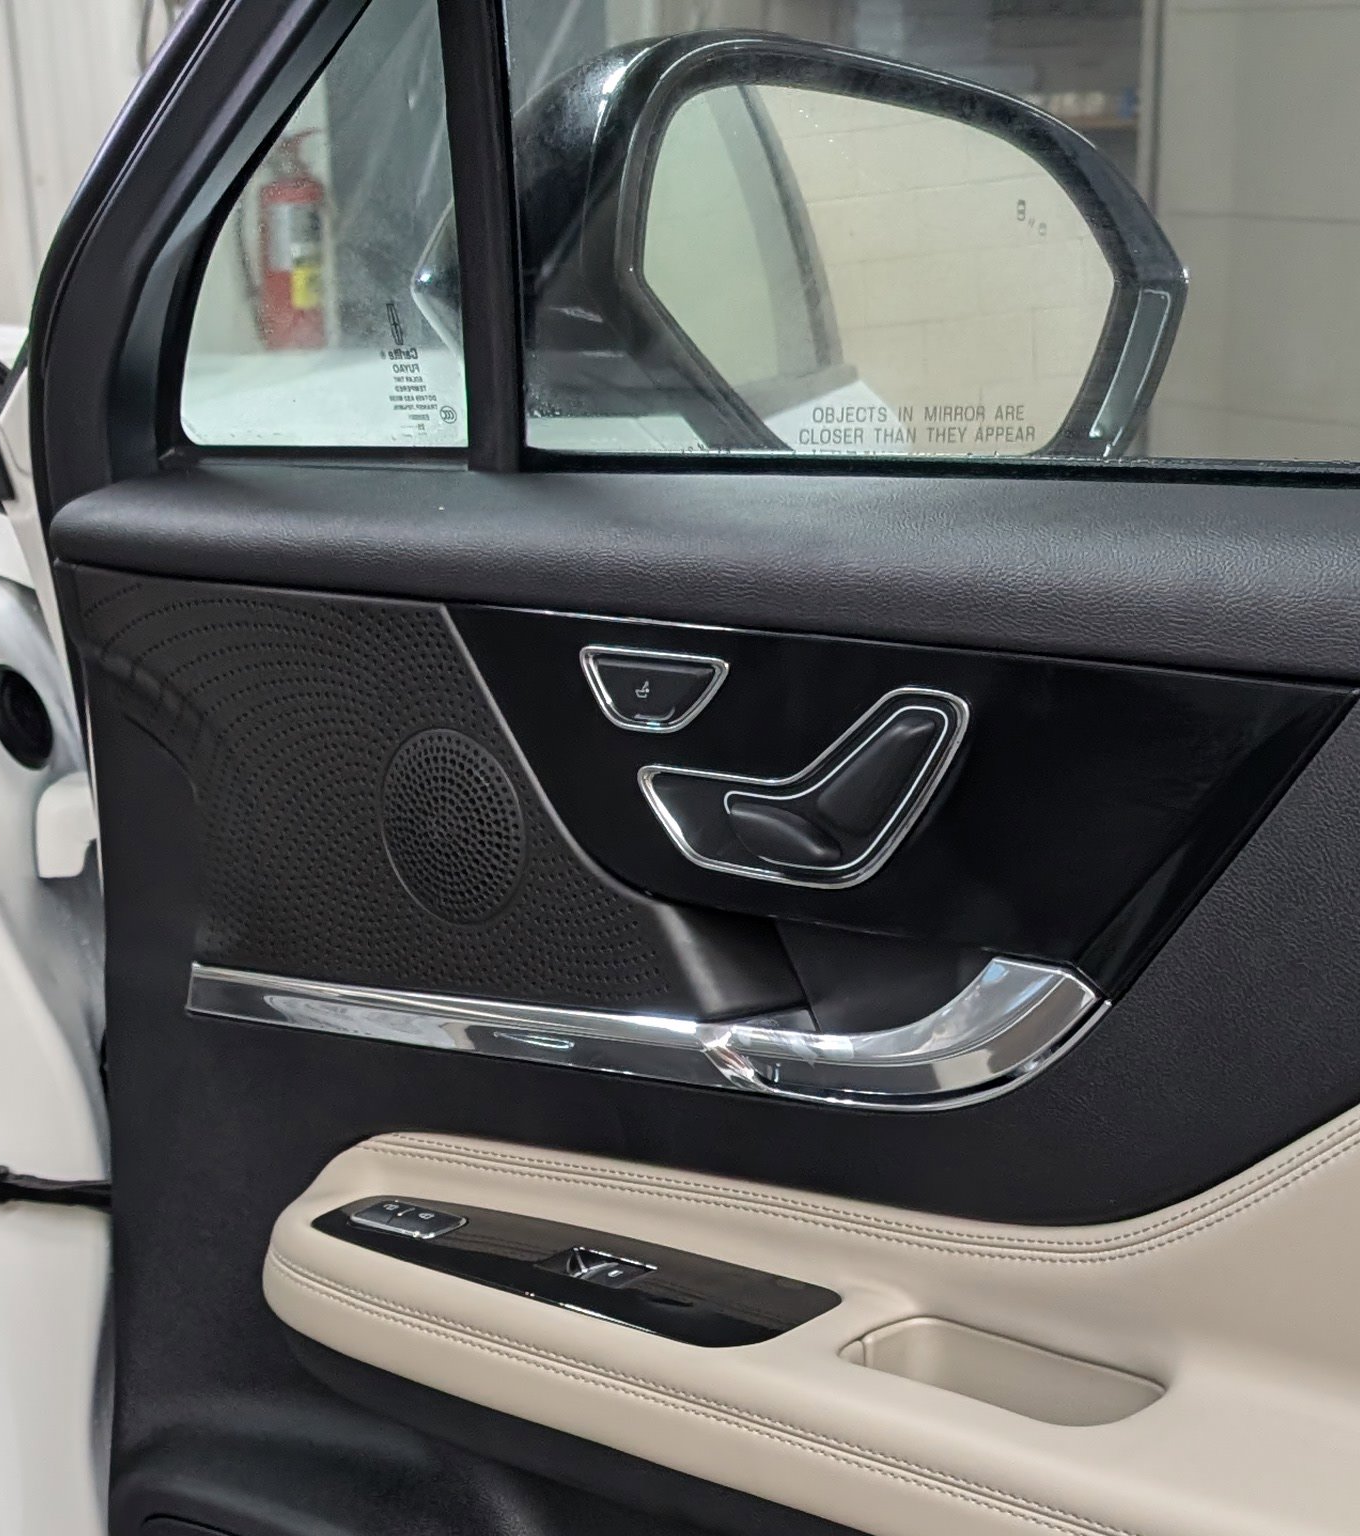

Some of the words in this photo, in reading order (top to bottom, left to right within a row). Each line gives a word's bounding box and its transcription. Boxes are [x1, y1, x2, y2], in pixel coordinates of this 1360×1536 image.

[812, 406, 888, 424] OBJECTS
[898, 406, 914, 422] IN
[924, 405, 985, 422] MIRROR
[995, 405, 1025, 421] ARE
[799, 428, 864, 445] CLOSER
[875, 428, 916, 444] THAN
[928, 427, 968, 443] THEY
[975, 426, 1036, 443] APPEAR

══════════════════════════════

WHAT YOU SHOULD DO
Would you please retype the material above exactly and leave out each picture?

REPLY
Some of the words in this photo, in reading order (top to bottom, left to right within a row). Each line gives a word's bounding box and its transcription. Boxes are [x1, y1, x2, y2], in pixel coordinates of this 1360×1536 image.

[812, 406, 888, 424] OBJECTS
[898, 406, 914, 422] IN
[924, 405, 985, 422] MIRROR
[995, 405, 1025, 421] ARE
[799, 428, 864, 445] CLOSER
[875, 428, 916, 444] THAN
[928, 427, 968, 443] THEY
[975, 426, 1036, 443] APPEAR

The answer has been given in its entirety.